About this exercise: Your answer is the lines from the one that has "Some of the words" through the last line of the records below, retyped exactly and alone.

Data supplied:
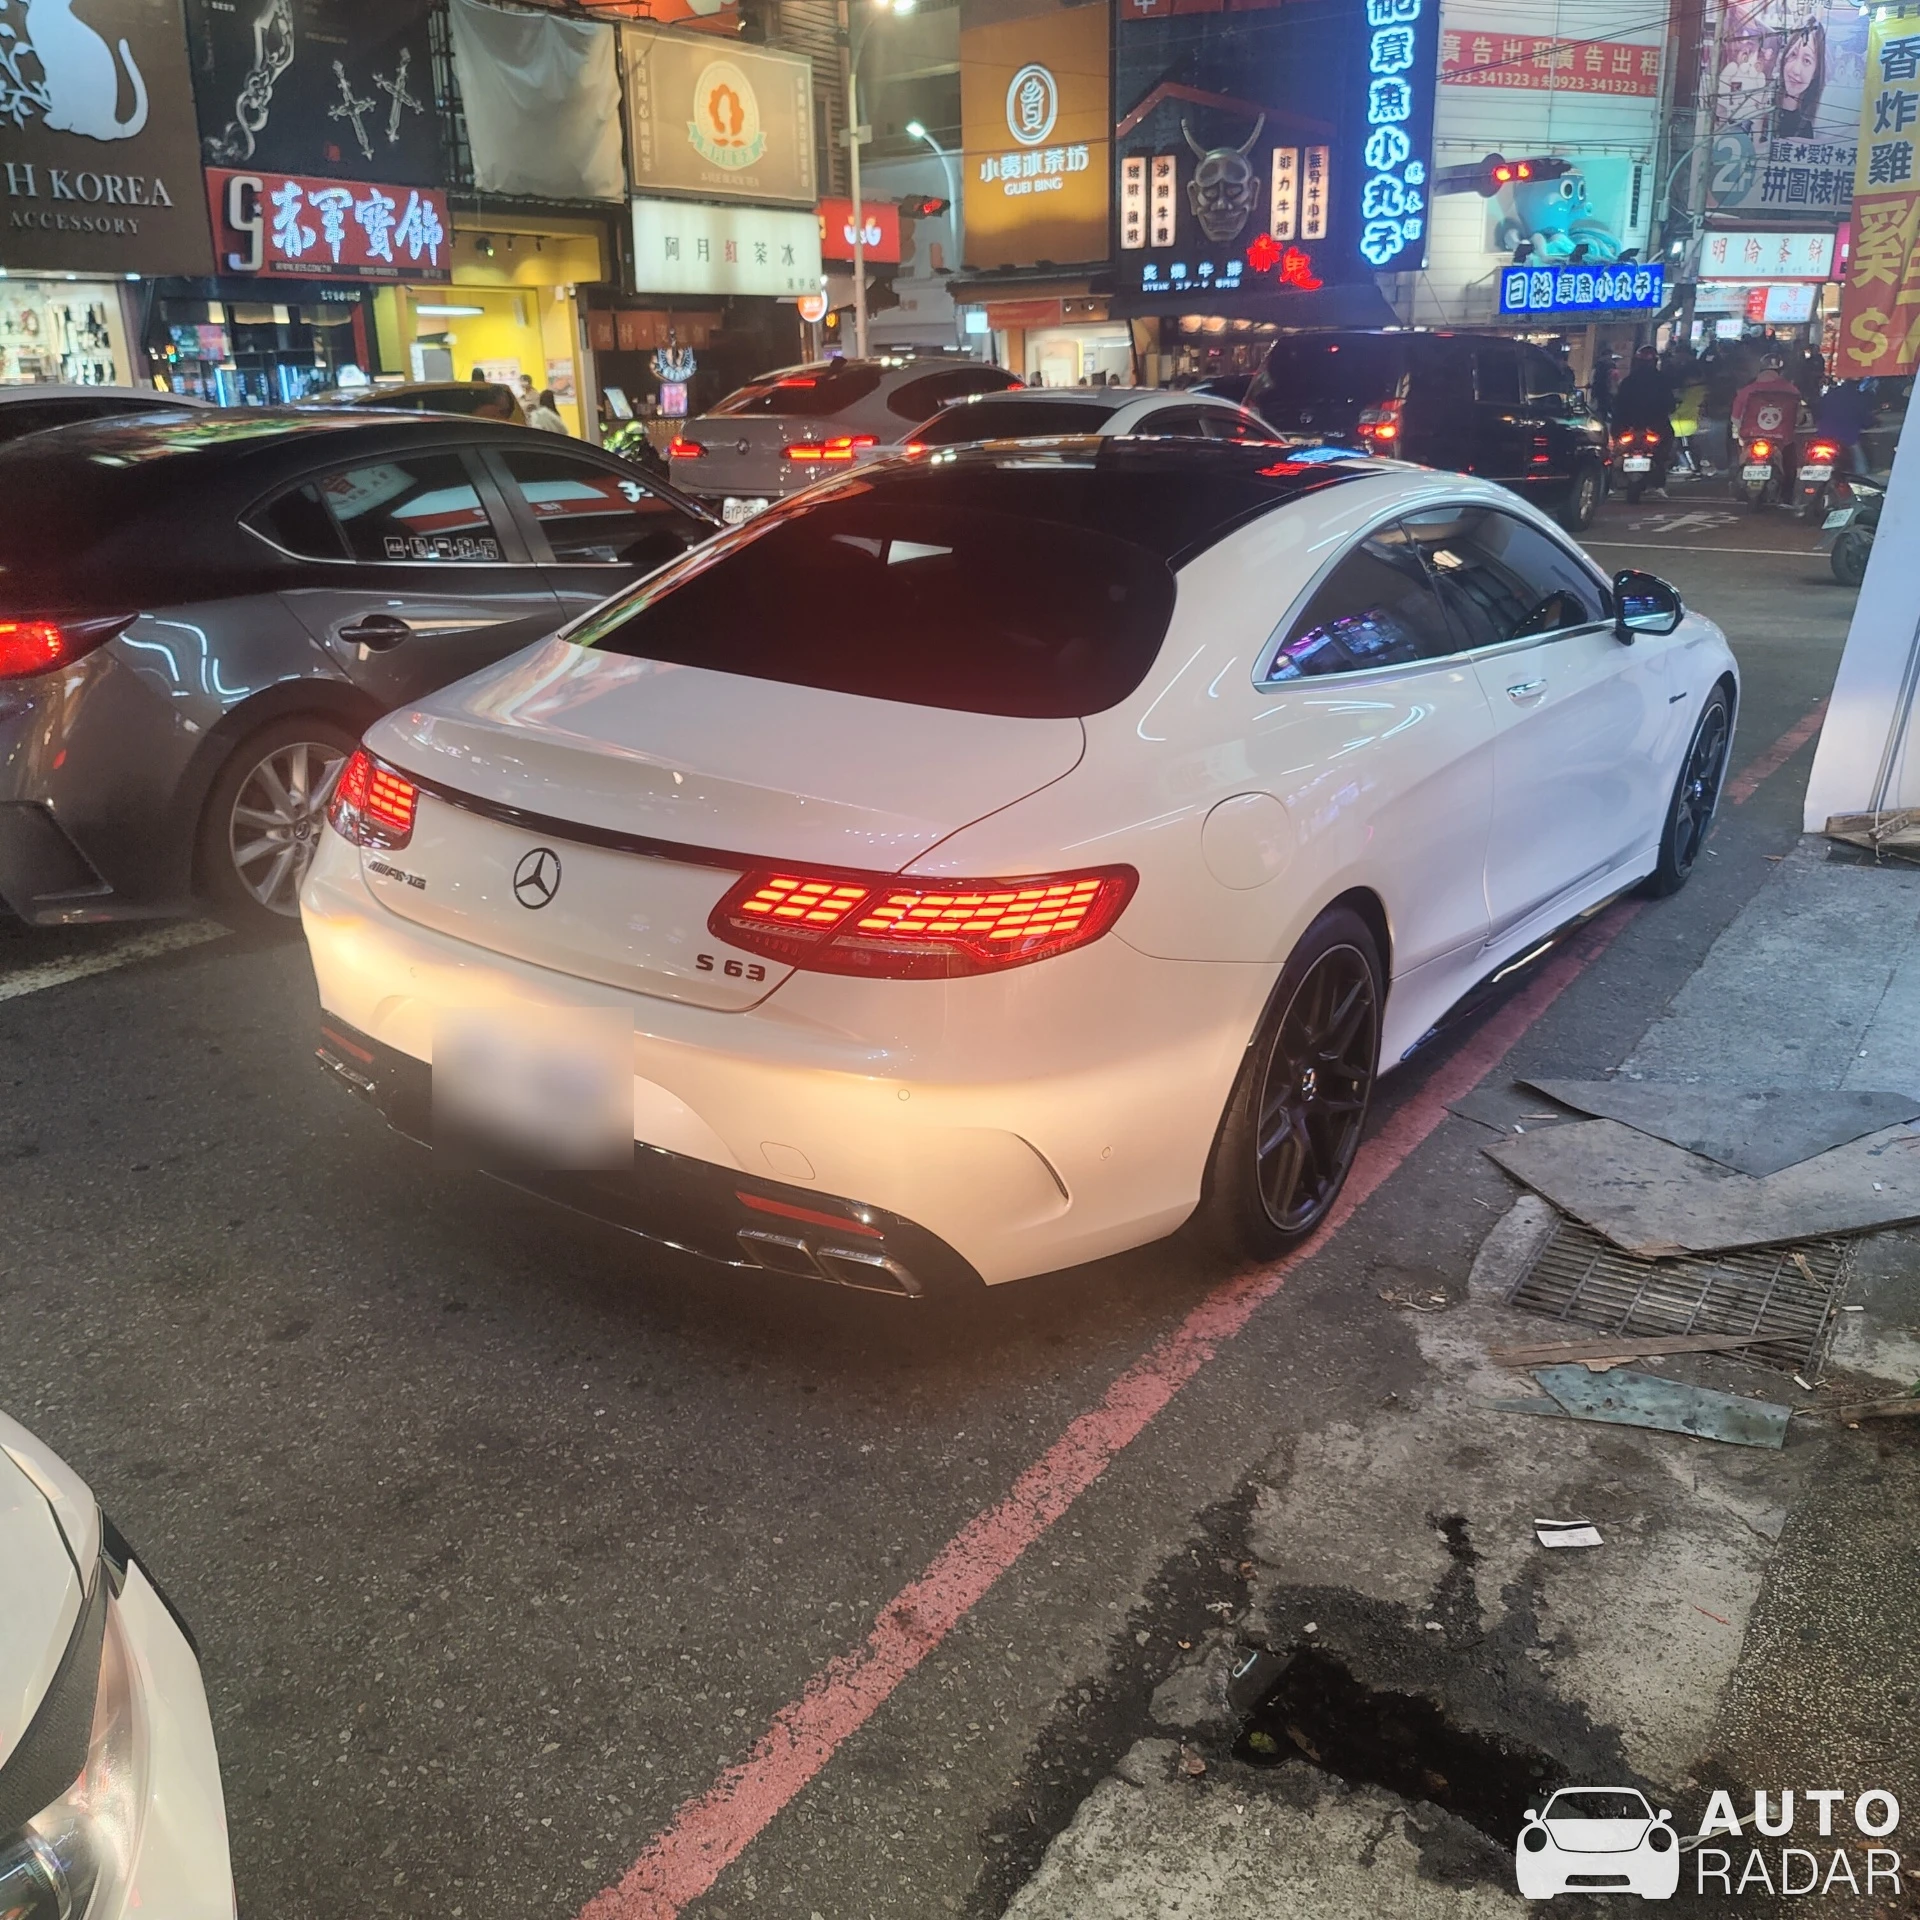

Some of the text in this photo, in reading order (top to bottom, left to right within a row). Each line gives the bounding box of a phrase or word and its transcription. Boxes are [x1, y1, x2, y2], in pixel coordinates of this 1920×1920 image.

[1553, 74, 1638, 94] 0923-341323
[1868, 39, 1920, 185] 香炸雞
[979, 143, 1089, 183] 小貴冰茶坊
[48, 168, 174, 208] KOREA
[1004, 177, 1064, 196] GUEI BING
[9, 209, 140, 235] ACCESSORY
[664, 235, 795, 267] 阿月紅茶冰
[1247, 232, 1324, 290] 赤鬼
[1712, 236, 1824, 264] 明倫蛋餅
[1143, 259, 1243, 281] 炙燒牛排
[1142, 281, 1170, 292] STEAK
[383, 866, 427, 891] AMG
[695, 954, 766, 982] S 63
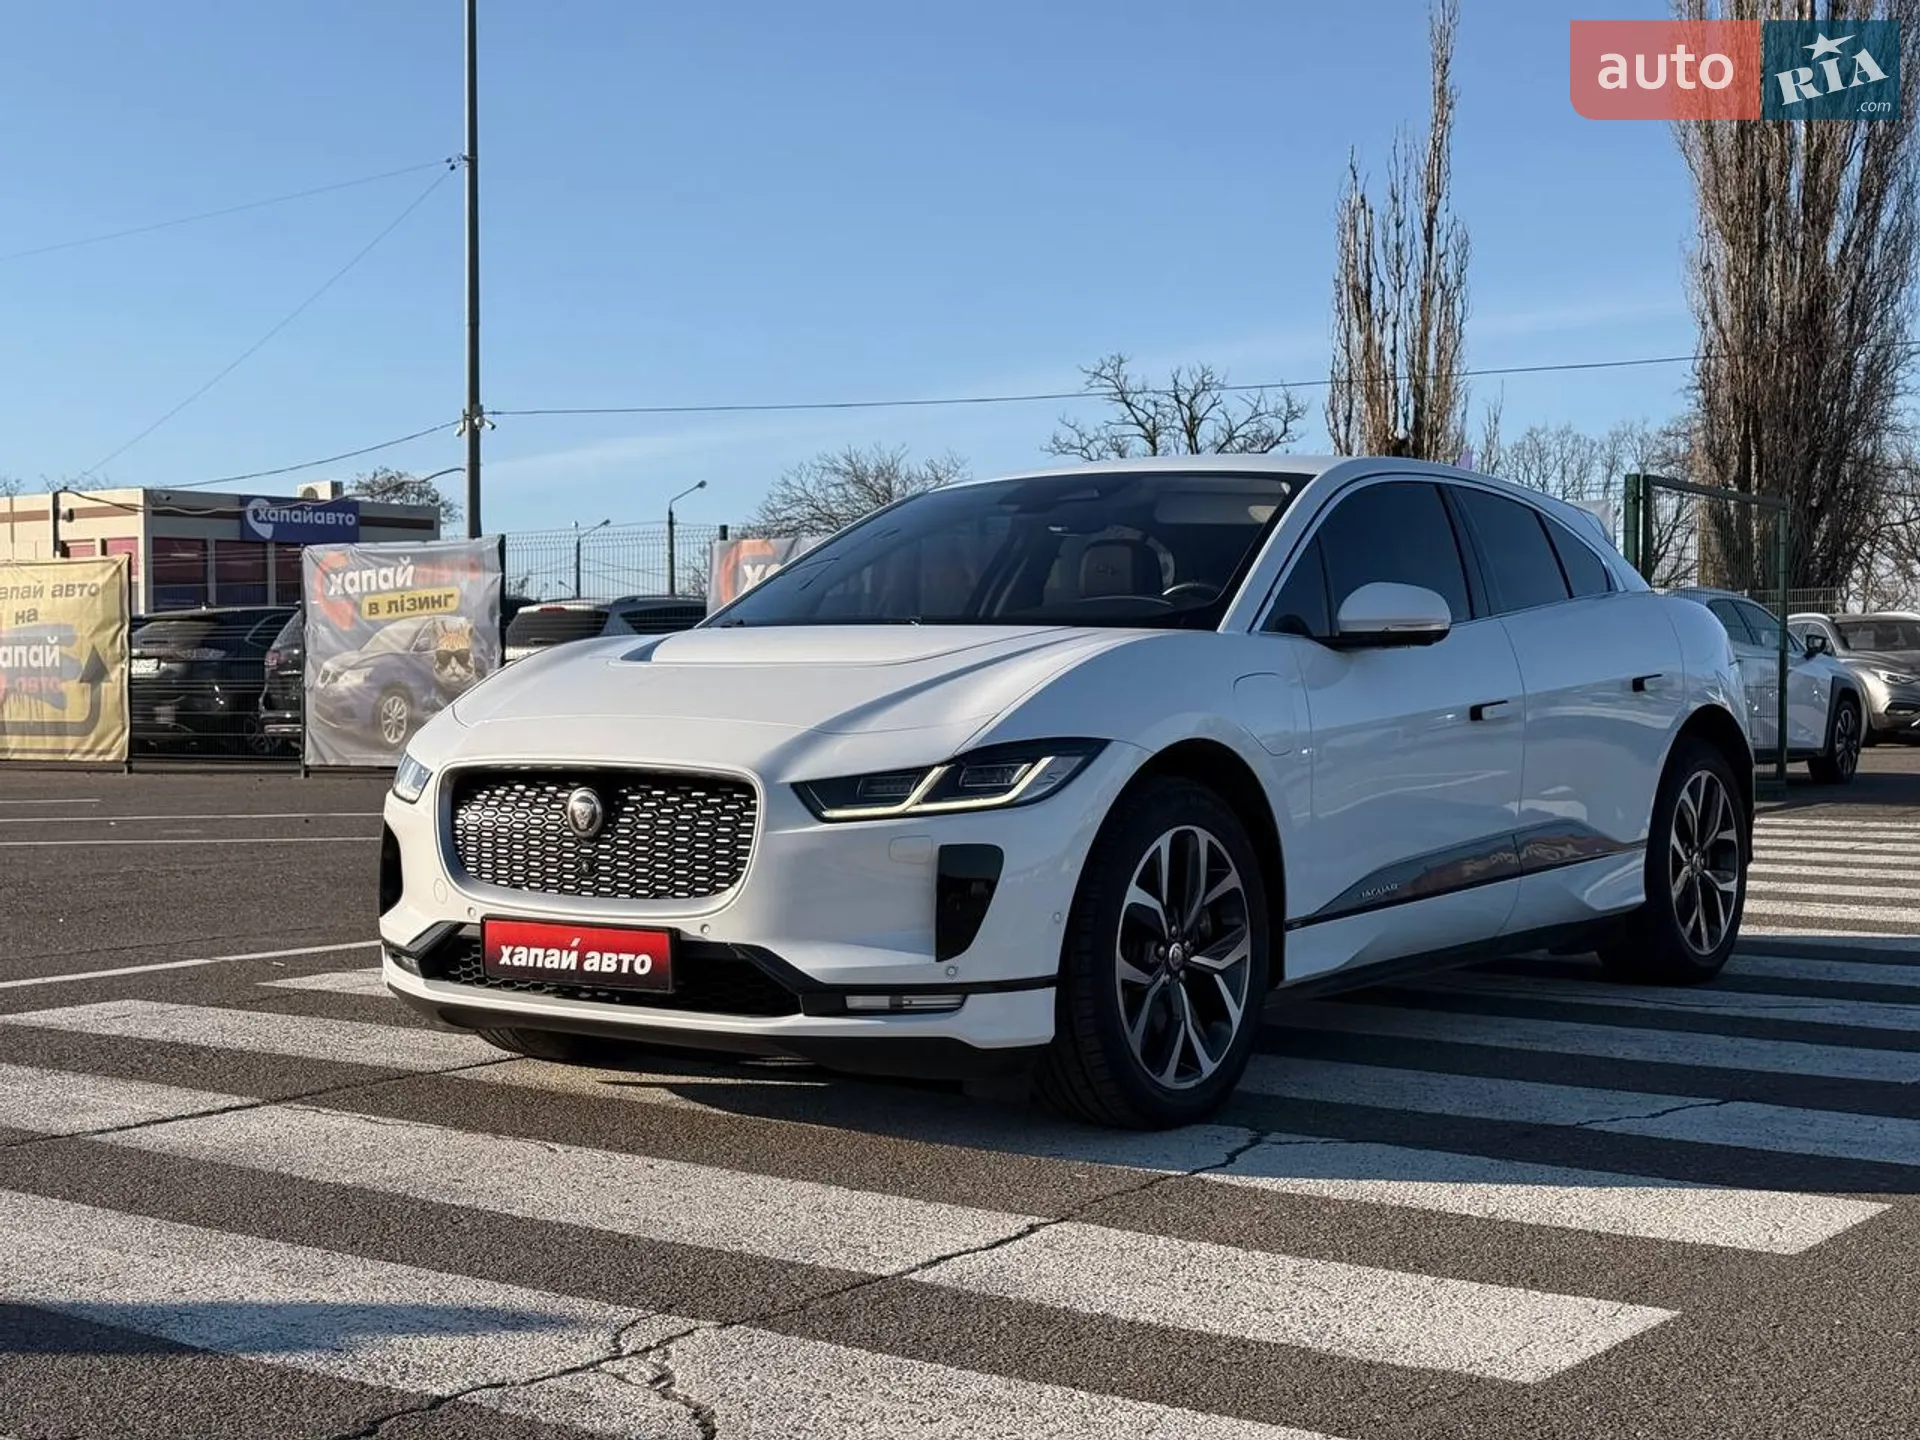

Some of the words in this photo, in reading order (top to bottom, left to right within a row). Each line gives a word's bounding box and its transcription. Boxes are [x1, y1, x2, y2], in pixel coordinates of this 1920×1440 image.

[257, 506, 356, 527] хапайавто
[328, 556, 417, 597] хапай
[51, 581, 101, 599] авто
[386, 593, 455, 615] лізинг
[15, 607, 39, 625] на
[583, 951, 653, 976] авто

Answer box:
Some of the words in this photo, in reading order (top to bottom, left to right within a row). Each line gives a word's bounding box and its transcription. Boxes are [x1, y1, x2, y2], in pixel coordinates of this 1920×1440 image.

[257, 506, 356, 527] хапайавто
[328, 556, 417, 597] хапай
[51, 581, 101, 599] авто
[386, 593, 455, 615] лізинг
[15, 607, 39, 625] на
[583, 951, 653, 976] авто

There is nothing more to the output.